Second in usefulness is the phenomenon of reversal, the poster child and favorite whipping-boy of the “no bad cards” crowd. I’ve found it to be a reliable shortcut, a time-saver that circumvents having to weed through all the possible meanings for a card to isolate the crux of a problem. Over the years I’ve adopted a nuanced approach to reversal that views it as an oblique expression of the normal interpretation, one that perhaps flies under the radar or sneaks up from behind, blindsiding the recipient. The card “is what it is,” but the querent’s awareness of its impact may be skewed to the point that its arrival feels like a UFO about to disgorge a horde of nasty “little green men.” (I’m thinking of the movie Mars Attacks: “We come in peace!” <snicker snicker.>) My handling of reversals may be quirky, as captured in my two dozen previous essays on the topic, but it is effective.
Another “in-your-face” conundrum is the “good card in a bad position.” How on Earth do we reconcile the sanguine outlook of the Sun card with a situational posture that advises “Abandon all hope?” In these cases we must pick apart the range of possibilities for the card’s action in the matter and zero in on those that might be construed as less favorable (if only as an antidote to the querent’s naive assumptions about its positive effect). This is usually the best we can do, and it has to suffice in identifying any negative consequences. (For example, I often say “Look in the shadows for the solution.”) The objective is to head off what I call the “Bobby McFerrin mistake:” it’s not “Don’t worry, be happy;” more ominously, it’s “Don’t look now, but . . .”
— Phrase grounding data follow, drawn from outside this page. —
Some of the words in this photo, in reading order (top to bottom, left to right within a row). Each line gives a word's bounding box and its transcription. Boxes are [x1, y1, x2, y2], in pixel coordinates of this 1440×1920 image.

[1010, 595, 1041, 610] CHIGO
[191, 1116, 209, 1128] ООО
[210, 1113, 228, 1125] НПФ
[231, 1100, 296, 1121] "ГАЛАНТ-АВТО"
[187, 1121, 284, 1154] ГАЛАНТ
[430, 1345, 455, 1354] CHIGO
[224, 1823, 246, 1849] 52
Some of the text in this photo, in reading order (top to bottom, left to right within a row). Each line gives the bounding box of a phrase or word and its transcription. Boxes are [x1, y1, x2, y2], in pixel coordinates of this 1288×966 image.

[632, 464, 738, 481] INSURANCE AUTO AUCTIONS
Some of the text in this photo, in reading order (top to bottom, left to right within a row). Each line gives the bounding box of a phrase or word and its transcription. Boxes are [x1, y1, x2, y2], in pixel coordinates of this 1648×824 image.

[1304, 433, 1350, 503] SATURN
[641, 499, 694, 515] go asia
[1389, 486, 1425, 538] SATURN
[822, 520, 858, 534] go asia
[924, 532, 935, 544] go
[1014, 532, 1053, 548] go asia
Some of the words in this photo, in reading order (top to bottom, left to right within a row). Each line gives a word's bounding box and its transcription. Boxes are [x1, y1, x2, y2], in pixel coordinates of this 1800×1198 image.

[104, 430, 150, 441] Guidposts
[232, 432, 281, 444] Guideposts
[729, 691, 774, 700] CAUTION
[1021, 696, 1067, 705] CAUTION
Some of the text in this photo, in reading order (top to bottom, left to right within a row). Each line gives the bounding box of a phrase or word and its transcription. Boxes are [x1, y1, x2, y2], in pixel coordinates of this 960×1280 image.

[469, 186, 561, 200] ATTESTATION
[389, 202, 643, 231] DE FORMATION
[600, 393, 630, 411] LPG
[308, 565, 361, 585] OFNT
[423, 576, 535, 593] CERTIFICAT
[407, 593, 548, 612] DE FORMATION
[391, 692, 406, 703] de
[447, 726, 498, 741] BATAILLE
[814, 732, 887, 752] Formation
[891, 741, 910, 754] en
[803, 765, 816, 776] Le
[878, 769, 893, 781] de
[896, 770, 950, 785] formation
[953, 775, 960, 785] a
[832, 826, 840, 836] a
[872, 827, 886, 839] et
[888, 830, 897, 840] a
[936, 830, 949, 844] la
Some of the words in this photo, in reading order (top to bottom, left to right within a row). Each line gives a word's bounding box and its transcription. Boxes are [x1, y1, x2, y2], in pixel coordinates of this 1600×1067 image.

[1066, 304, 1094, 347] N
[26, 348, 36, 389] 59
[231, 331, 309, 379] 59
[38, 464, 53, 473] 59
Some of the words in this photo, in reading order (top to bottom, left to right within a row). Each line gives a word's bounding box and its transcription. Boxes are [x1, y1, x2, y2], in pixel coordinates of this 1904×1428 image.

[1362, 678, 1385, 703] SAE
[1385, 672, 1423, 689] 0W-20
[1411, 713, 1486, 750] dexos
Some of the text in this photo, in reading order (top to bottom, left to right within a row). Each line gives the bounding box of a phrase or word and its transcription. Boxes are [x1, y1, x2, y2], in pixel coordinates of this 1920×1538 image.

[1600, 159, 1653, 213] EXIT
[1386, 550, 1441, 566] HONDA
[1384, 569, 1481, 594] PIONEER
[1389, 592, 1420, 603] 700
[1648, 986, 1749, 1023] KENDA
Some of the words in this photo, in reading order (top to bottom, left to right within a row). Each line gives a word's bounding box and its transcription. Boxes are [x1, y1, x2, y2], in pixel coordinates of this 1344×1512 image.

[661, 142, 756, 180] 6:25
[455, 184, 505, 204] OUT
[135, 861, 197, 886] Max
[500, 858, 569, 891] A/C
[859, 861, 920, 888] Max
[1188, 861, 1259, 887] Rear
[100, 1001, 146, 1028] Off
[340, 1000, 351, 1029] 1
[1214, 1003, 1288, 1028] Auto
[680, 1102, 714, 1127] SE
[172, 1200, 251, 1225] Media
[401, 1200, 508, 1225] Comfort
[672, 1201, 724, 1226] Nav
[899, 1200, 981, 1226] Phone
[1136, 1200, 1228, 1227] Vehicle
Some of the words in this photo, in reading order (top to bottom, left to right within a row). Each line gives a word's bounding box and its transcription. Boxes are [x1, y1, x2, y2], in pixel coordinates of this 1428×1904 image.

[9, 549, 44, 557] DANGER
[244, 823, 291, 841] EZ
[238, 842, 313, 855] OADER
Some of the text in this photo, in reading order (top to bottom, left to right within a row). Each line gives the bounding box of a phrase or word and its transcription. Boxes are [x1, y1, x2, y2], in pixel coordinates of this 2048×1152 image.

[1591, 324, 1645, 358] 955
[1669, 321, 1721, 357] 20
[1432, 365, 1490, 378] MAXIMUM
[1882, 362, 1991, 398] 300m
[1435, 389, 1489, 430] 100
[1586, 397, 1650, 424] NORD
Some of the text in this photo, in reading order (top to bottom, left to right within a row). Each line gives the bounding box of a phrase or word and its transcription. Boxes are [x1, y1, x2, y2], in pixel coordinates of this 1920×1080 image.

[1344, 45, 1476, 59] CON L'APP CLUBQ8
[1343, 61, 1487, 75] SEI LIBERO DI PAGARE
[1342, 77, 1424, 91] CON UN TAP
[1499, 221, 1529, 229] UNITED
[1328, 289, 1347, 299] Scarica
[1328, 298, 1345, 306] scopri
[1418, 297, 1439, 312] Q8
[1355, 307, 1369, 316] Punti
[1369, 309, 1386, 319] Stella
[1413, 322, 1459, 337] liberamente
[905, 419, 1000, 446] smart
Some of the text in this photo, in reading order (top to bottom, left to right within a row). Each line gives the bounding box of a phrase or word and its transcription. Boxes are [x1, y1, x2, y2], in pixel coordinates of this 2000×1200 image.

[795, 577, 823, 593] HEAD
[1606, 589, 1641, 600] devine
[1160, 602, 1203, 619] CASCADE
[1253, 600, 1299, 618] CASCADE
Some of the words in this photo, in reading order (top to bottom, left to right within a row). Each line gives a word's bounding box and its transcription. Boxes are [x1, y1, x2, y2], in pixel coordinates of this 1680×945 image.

At all costs we must avoid haplessly “throwing in the towel” and saying “I don’t see anything remarkable here.” There is always something to talk about, and I would be surprised if the sitter lets us off the hook so easily when it’s apparent that the situation “smells bad” even if we can’t promptly locate the dead rat in the cupboard. At any rate, the reader’s prerogative is to talk, and a valuable insight will invariably pop up if we keep at it in the form of a dialogue about the intricacies of the subject.